Neurobiology and Treatment of Reading Disability in NF-1
This trial is active, not recruiting.
|Conditions||neurofibromatosis type 1, reading disabilities|
|Treatments||tutoring program i, tutoring program ii|
|Collaborator||National Institute of Neurological Disorders and Stroke (NINDS)|
|Start date||February 2006|
|End date||March 2013|
|Trial size||180 participants|
|Trial identifier||NCT00624234, NF1-R01, R01NS049096, R01NS49096|
The goal of this trial is to determine if children with neurofibromatosis type 1 who have reading disabilities respond the same way—both behaviorally and neurobiologically—to specialized treatment programs as children with idiopathic reading disabilities do, and to determine which intervention is best for particular learner profiles.
|Endpoint classification||efficacy study|
|Intervention model||parallel assignment|
|Masking||single blind (subject)|
Improvement in basic reading skills as assessed by standard educational assessments (e.g., Woodcock Johnson Psychoeducational Battery - 3rd Edition; WJ-III)
time frame: 0, 5, 10, and 15 hours
Male or female participants from 8 years up to 17 years old.

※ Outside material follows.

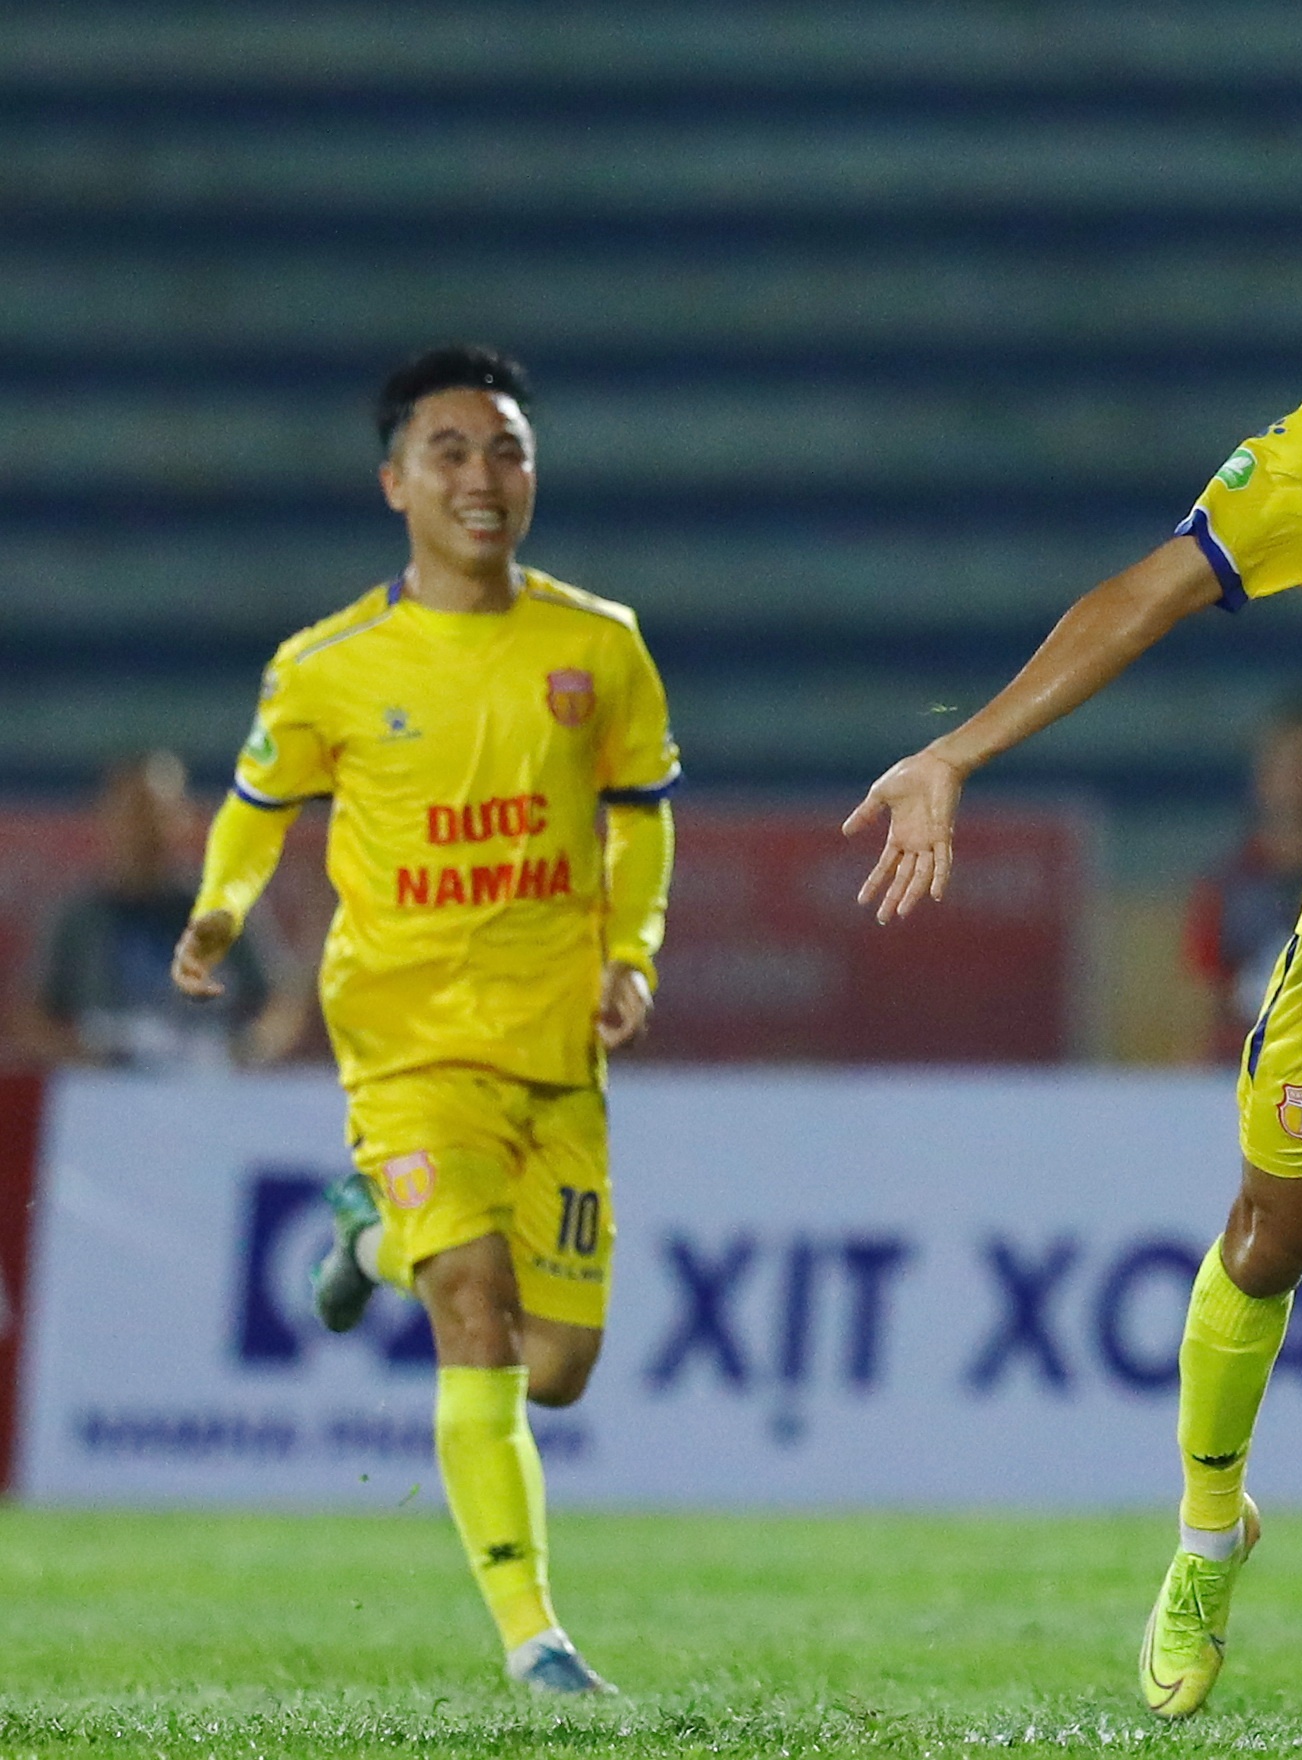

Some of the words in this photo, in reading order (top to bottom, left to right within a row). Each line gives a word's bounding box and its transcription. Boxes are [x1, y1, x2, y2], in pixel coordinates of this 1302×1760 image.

[397, 862, 516, 908] NAM
[558, 1187, 599, 1256] 10
[645, 1233, 914, 1444] XỊT

Inclusion Criteria: This study will be open to all individuals, ages 8 to 17 years, who meet eligibility criteria regardless of race, gender, or socioeconomic status. - The Reading Disabilities group (including those with NF-1) is defined by scoring equal to or less than the 25th percentile on measures of basic word reading skills. - The Control group (including those with NF1) is defined by scoring equal to or above the 40th percentile on the average of the Letter Word Identification and Word Attack subtests from the WJ-III. Exclusion Criteria: Any child, regardless of which group he/she is recruited for, will be excluded if he/she meets any of the following criteria (determined during phone screening, medical review, and during testing): - is in foster care; - previous diagnosis of mental retardation; - known uncorrectable visual impairment; - history of known neurological disorder (e.g., epilepsy, spina bifida, cerebral palsy, traumatic brain injury); - documented hearing impairment greater than 25 dB loss in either ear; - medical contraindication to MRI procedures, if participating in MRI (including exposure to metal and pregnancy); - individuals known to have an IQ below 70; - history or presence of a pervasive developmental disorder; - during the DICA-IV parents indicate the presence of any severe psychiatric diagnoses or pervasive developmental disorder.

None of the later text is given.